Böyle tipler o kadar çok ki, uç örnekleri ünlülerden geliyor, zengin adamla evlenip götü kurtardıktan sonra pilates uzmanı olan manken bozmasından tut da, artık zevk için şarkı söyleyen ve orda burda annelik gösterisi yapan tipler var.

Bir de siz karşılaştınız mı bilmem ama, bir de bunların günlük hayatta karşılaşılan versiyonları var. Facebook dan arkadaşız biz diye birbirimizi eklediğimiz ama en son ortaokulda gördüğüm ve facebook dan öte hiçbir diyaloğumuz olmayan bazı okul arkadaşlarım böyle avlanmışlar (ilkokuldan beri çıtı pıtı güzel mi güzel kızcağız yağlı göbeğinden ayaklarını göremeyen çirkin mi çirkin, kendinden en az 10 yaş büyük görünen ama "varlıklı" bir adamla evlenmiş), bir tanesiyle çok yakın çalıştım bir süre akıllara zarardı (zengin aile beyinsiz oğullarını "aman bir üniversite okusun bari" diye özelde okutmuş, sonra da Ankara'nın varlıklı bir semtinde varlıklı bir kurutemizlemeci açmışlardı, oğlan akıllara zarardı, onunla evlenemeyince bıraktı, patronumuzla çıktı, onunla evlenemeyince işten ayrıldı, sonradan duydum ki varlıklı başka bir adamla evlenmiş, kendinden büyükmüş falan filan).

Şimdi, ben var ya ben, işte bu kızları ancak 35 yaşımda anlayabildim, çünkü aşk peşinde koşan süzme bir salaktım. Kocamın doktor olması ise sadece bir tesadüf, zaten tesadüf olmasaydı gider bir gözcü ya da kadın doğumcuyla evlenirdim.

Şimdi, ben nereden nereye geldim. 2 aydır evde çalışıyorum, evde çalışıyorum derken ev hanımlığı ile uğraşıyordum. Yıllardır çalışmaktan yapamadığım birçok şeyi yapıyordum, sabahları yürüyüş yapıp, evimi temizleyip, yemeğimi yapıp, stressiz bir şekilde kızımla ilgileniyordum. Çalışmaya alışmış bünye arada bir sıkılıyordu tamam ama memnundu hayatından. Ama para lazım para...bir de emekliliğim için ödenmesi gerek ssk primlerim var. Çalışmaya başlayınca yine hiçbir şeye yetişemeyeceğim, yine sık sık asabileşecek, hobilerimle uğraşamadığım için hayata küfredeceğim.
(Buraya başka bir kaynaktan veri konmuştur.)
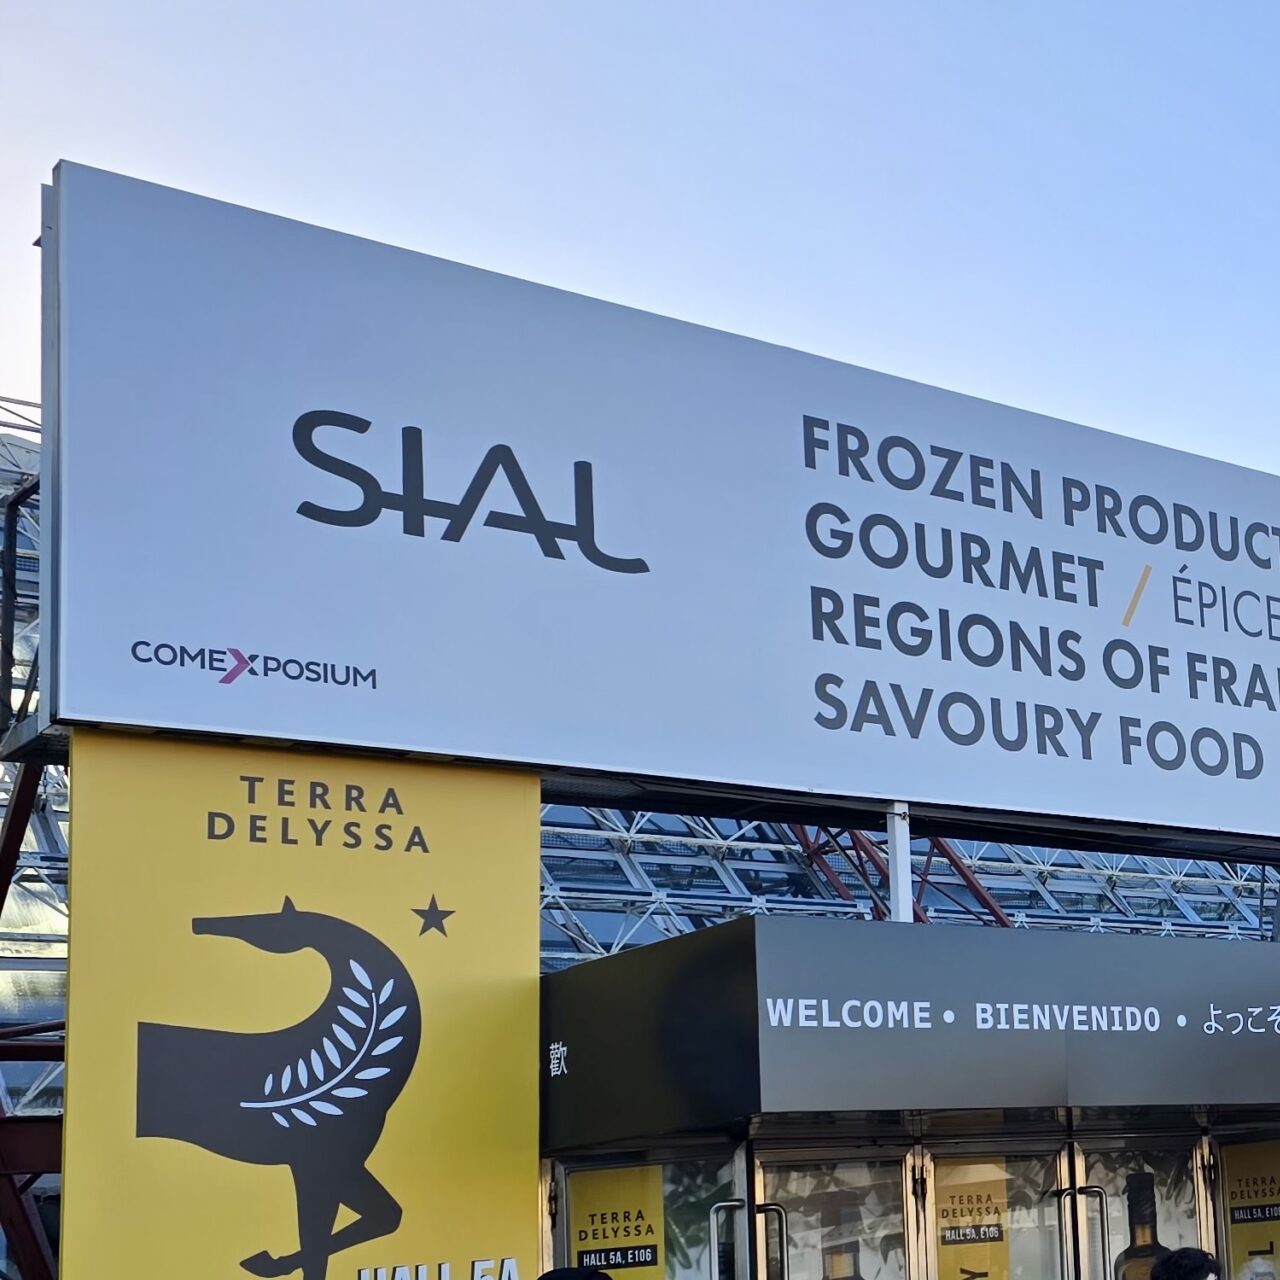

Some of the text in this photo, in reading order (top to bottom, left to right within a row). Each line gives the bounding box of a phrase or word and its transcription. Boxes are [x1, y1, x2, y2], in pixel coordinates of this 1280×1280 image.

[802, 414, 1044, 520] FROZEN
[292, 409, 651, 574] SIAL
[804, 502, 1104, 608] GOURMET
[810, 585, 1086, 682] REGIONS
[1102, 638, 1170, 694] OF
[131, 640, 378, 690] COMEXPOSIUM
[813, 672, 1102, 762] SAVOURY
[1119, 715, 1265, 781] FOOD
[240, 774, 404, 815] TERRA
[206, 810, 430, 854] DELYSSA
[765, 997, 932, 1030] WELCOME
[975, 1002, 1161, 1032] BIENVENIDO
[948, 1192, 993, 1206] TERRA
[1237, 1176, 1277, 1189] TERRA
[588, 1209, 645, 1226] TERRA
[941, 1205, 1001, 1219] DELYSSA
[1234, 1208, 1252, 1220] HALL
[578, 1223, 655, 1242] DELYSSA
[945, 1228, 965, 1241] HALL
[583, 1250, 608, 1267] HALL
[627, 1248, 652, 1263] E106
Çünkü, her gün biz işteyken evimizi silip süpürüp yemek yapıp bize vakit kazandıracak bir yardımcı tutmak, en özelinden en güzelinden her türlü veli kaprisi çeken öğleden sonra dörtte dersleri biten kreşe kayıt yaptırıp, anne işten altıda çıktığı için ayrıca eğitimli bir yatılı bakıcı abla tutmak gibi lükslerimiz yok bizim, biz bu şartlar olmadan çalışmak zorundayız, zevk için de değil para için.

Oysa yukarıda bahsi geçen avcı tipler, isterse çalışıyor istemezse çalışmıyor, hatta isterse özel bir hobisini iş olarak yapıyor az biraz para da kazanıyor böylelikle sıkılmıyor, bakıcının yatılısı önünde yatısızı arkasında, her iş yardımcıda, bir el yağda bir el balda....ohhhh...öyle olsa beş çocuk bile doğurursun, tek yaptığın karnında taşımak olacaksa...
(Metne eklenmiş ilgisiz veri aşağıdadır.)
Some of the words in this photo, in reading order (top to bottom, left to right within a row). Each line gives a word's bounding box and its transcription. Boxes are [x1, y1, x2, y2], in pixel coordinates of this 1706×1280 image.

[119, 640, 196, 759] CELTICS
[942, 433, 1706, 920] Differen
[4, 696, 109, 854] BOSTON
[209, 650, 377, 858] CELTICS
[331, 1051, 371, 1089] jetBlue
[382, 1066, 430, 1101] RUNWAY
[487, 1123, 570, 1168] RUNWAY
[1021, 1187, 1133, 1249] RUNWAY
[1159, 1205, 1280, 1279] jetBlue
Off sıkıldım, iflah olmayacağını bildiğim iş hayatıma geri dönüyorum, aslında artık farklı bir sektörde farklı bir pozisyonda çalışıp yeni birşeyler öğreneceğim bu da kendi kendime verdiğim gaz.
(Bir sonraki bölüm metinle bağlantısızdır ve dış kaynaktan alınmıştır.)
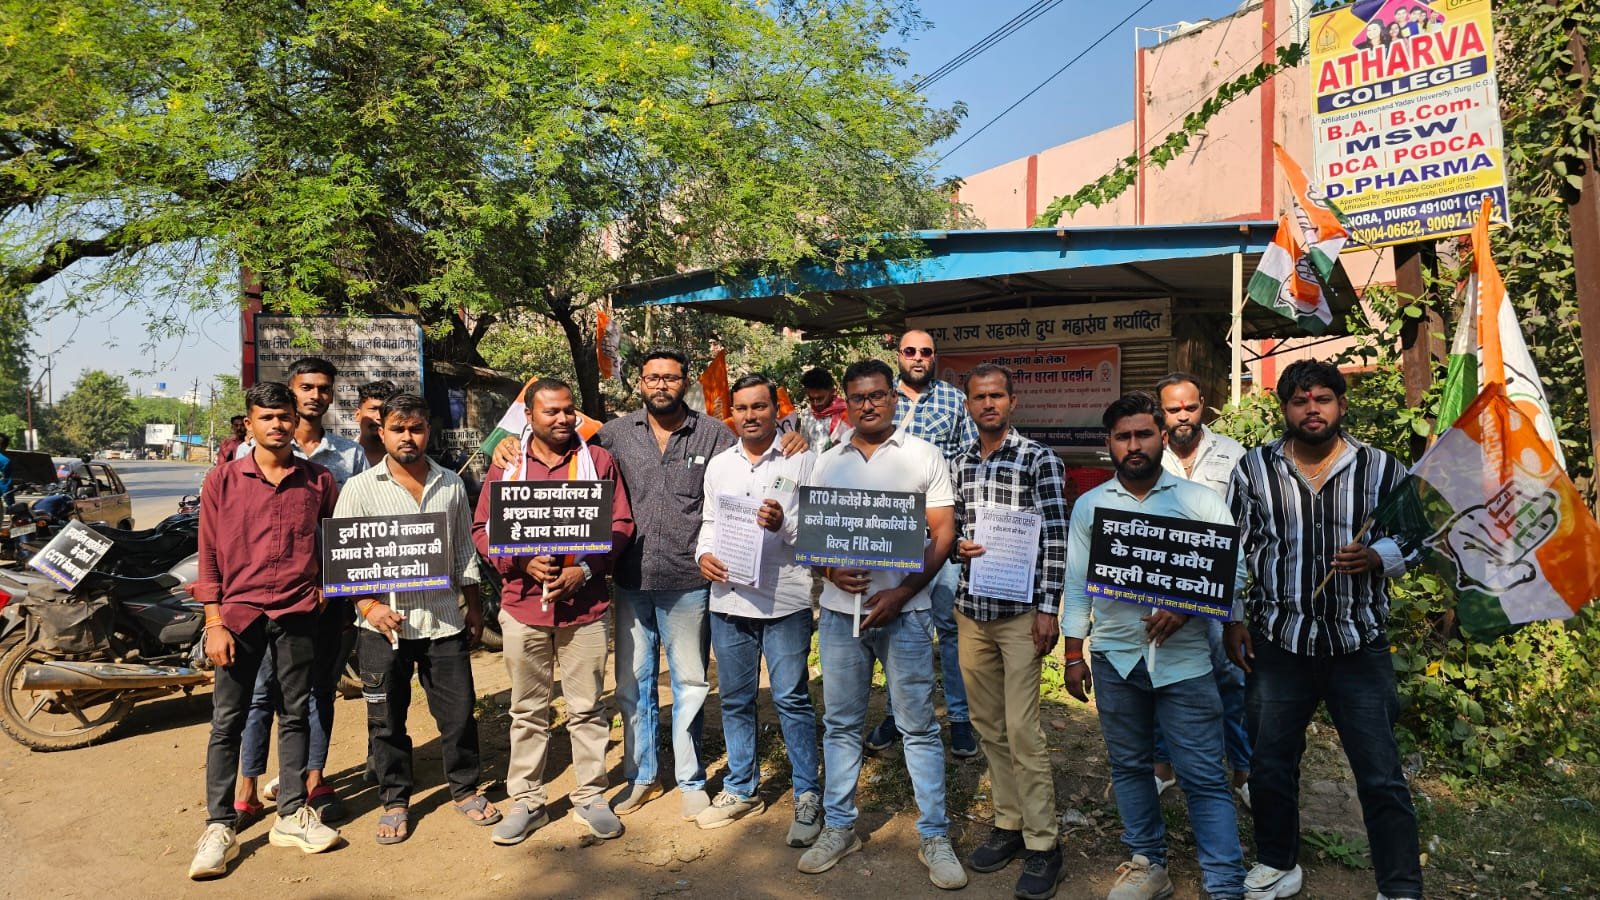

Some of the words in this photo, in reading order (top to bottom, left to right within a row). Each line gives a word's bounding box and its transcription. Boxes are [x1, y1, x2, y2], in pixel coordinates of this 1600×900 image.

[1318, 22, 1485, 94] ATHARVA
[1332, 61, 1473, 108] COLLEGE
[1395, 97, 1416, 111] Yadav
[1454, 84, 1472, 97] Durg
[1327, 120, 1374, 141] B.A.
[1390, 96, 1480, 126] B.Com.
[1346, 116, 1457, 155] MSW
[1329, 155, 1378, 177] DCA
[1394, 132, 1485, 164] PGDCA
[1326, 153, 1494, 198] D.PHARMA
[1340, 193, 1371, 206] Approved
[1386, 184, 1420, 197] Pharmacy
[1421, 182, 1447, 192] Council
[1448, 178, 1456, 186] of
[1438, 184, 1455, 195] Durg
[1384, 205, 1417, 221] DURG
[1420, 198, 1461, 215] 491001
[1427, 205, 1502, 231] 90097-1622
[953, 324, 981, 342] राज्य
[986, 318, 1031, 341] सहकारी
[1062, 312, 1108, 336] महासंघ
[1112, 310, 1162, 332] मर्यादित
[1034, 370, 1059, 384] धरना
[1061, 367, 1093, 383] प्रदर्शन
[501, 486, 531, 501] RTO
[533, 484, 589, 500] कार्यालय
[591, 483, 603, 500] में
[809, 490, 830, 505] RTO
[862, 492, 872, 507] के
[872, 493, 892, 509] अवैध
[893, 495, 916, 514] वसूली
[553, 506, 576, 519] चल
[577, 506, 600, 520] रहा
[805, 512, 824, 526] करने
[824, 512, 841, 527] वाले
[841, 515, 864, 533] प्रमुख
[865, 514, 908, 531] अधिकारियों
[908, 516, 918, 531] के
[339, 522, 359, 544] दुर्ग
[360, 522, 387, 539] RTO
[390, 520, 399, 537] में
[401, 522, 435, 536] तत्काल
[510, 521, 522, 541] है
[524, 526, 551, 538] साय
[826, 534, 850, 551] विरुद्ध
[852, 536, 869, 551] FIR
[1102, 519, 1166, 540] ड्राइविंग
[1169, 528, 1233, 551] लाइसेंस
[46, 548, 67, 566] CCTV
[331, 547, 362, 561] प्रभाव
[364, 542, 374, 559] से
[375, 541, 397, 558] सभी
[399, 543, 427, 557] प्रकार
[428, 538, 442, 554] की
[1110, 539, 1130, 558] के
[1132, 546, 1167, 564] नाम
[1170, 550, 1215, 572] अवैध
[347, 563, 381, 582] दलाली
[383, 562, 400, 579] बंद
[1095, 563, 1144, 586] वसूली
[1146, 568, 1173, 590] बंद
Çok parası olan erkek tehlikeli olur,aman çok para kazanmasın ben de çalışırım, bu da kendime verdiğim diğer bir gaz....

2 yorum:

A-H dedi ki...

ise baslama ve adaptasyon stresi olsa gerek bu :)
ben kendi adima, herseye ragmen para icin calismayi tercih ederim olmadik biriyle para icin evlenmek yerine ;)

.. dedi ki...

belki de kendi kazandığı paranın ne kadar değerli ve daha keyifli olduğunu hiç hissetmemiş olabilirler bu kategoride yer alanlar..

Related Posts Plugin for WordPress, Blogger...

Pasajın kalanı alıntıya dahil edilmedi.